+++ Material provided +++

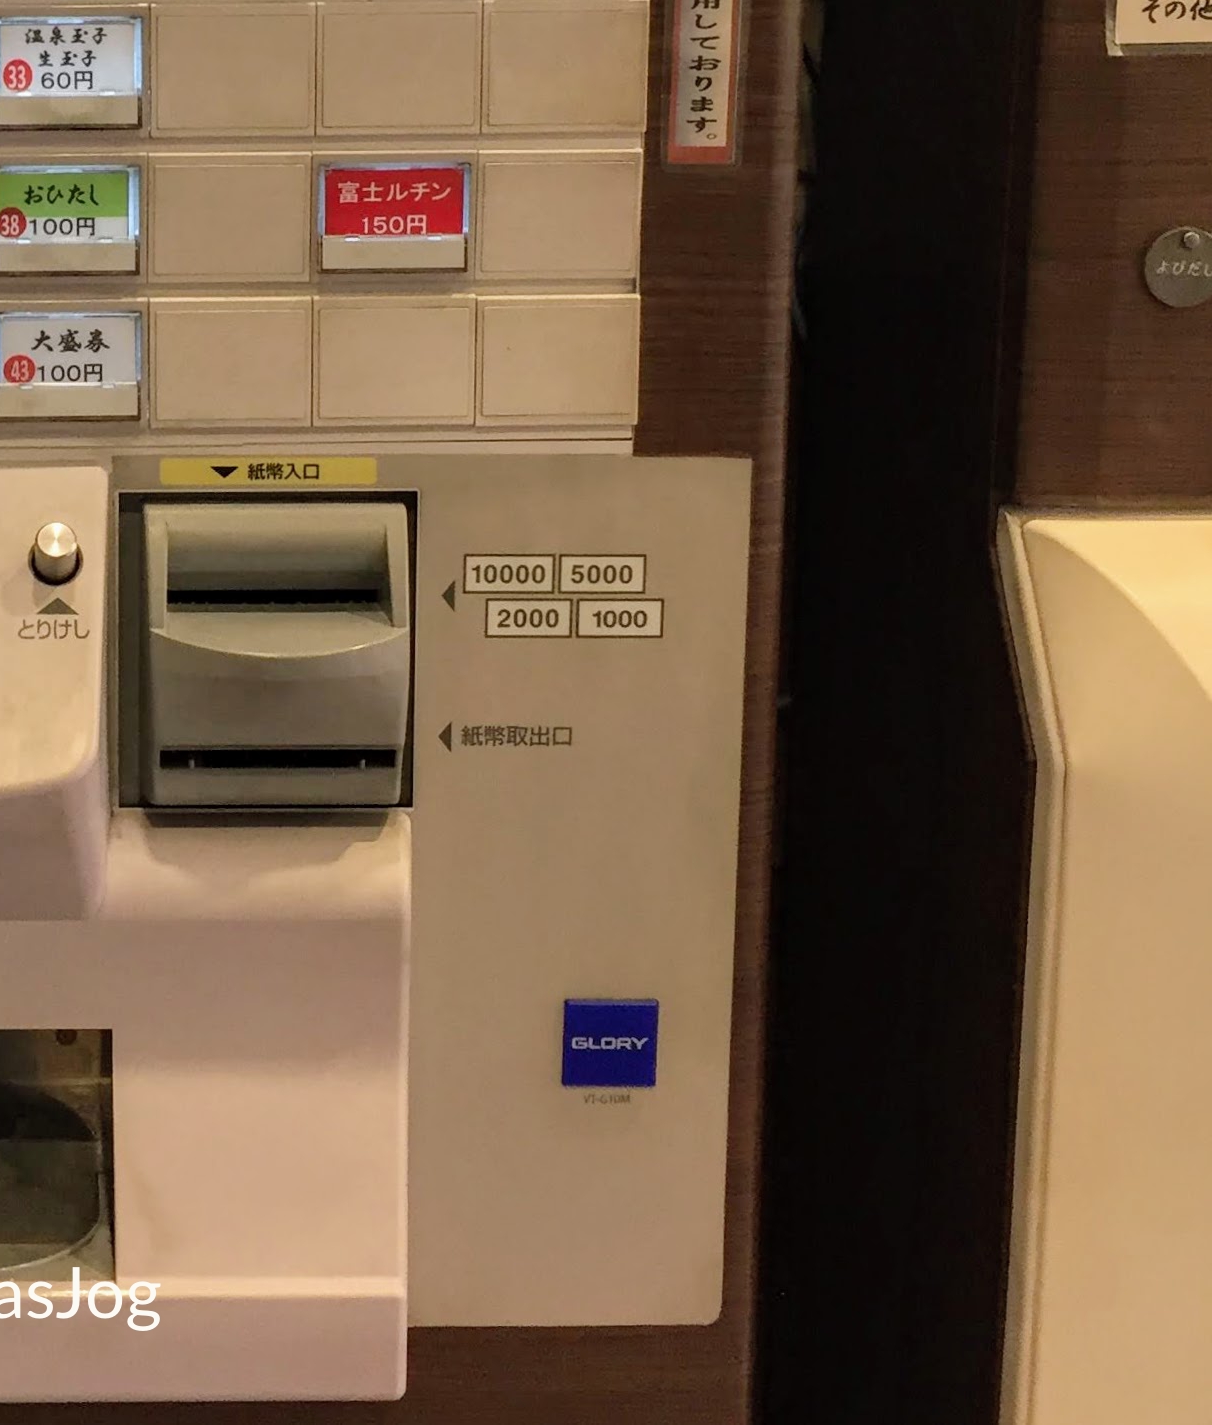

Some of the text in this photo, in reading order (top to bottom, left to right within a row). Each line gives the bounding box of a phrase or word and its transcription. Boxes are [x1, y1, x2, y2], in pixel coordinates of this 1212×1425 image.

[24, 27, 108, 45] 温泉玉子
[41, 70, 94, 90] 60円
[24, 184, 99, 207] おひたし
[338, 181, 451, 204] 富士ルチン
[28, 217, 96, 237] 100円
[362, 215, 427, 234] 150円
[36, 363, 104, 383] 100円
[248, 463, 320, 480] 紙幣入口
[471, 565, 633, 585] 10000 5000
[497, 609, 647, 628] 2000 1000
[18, 620, 90, 639] とりけし
[461, 726, 573, 747] 紙幣取出口
[572, 1037, 649, 1050] GLORY

+++

Requirement >> Set down every entry above exactly as written, but skip the pictures.

Result below >>
Some of the text in this photo, in reading order (top to bottom, left to right within a row). Each line gives the bounding box of a phrase or word and its transcription. Boxes are [x1, y1, x2, y2], in pixel coordinates of this 1212×1425 image.

[24, 27, 108, 45] 温泉玉子
[41, 70, 94, 90] 60円
[24, 184, 99, 207] おひたし
[338, 181, 451, 204] 富士ルチン
[28, 217, 96, 237] 100円
[362, 215, 427, 234] 150円
[36, 363, 104, 383] 100円
[248, 463, 320, 480] 紙幣入口
[471, 565, 633, 585] 10000 5000
[497, 609, 647, 628] 2000 1000
[18, 620, 90, 639] とりけし
[461, 726, 573, 747] 紙幣取出口
[572, 1037, 649, 1050] GLORY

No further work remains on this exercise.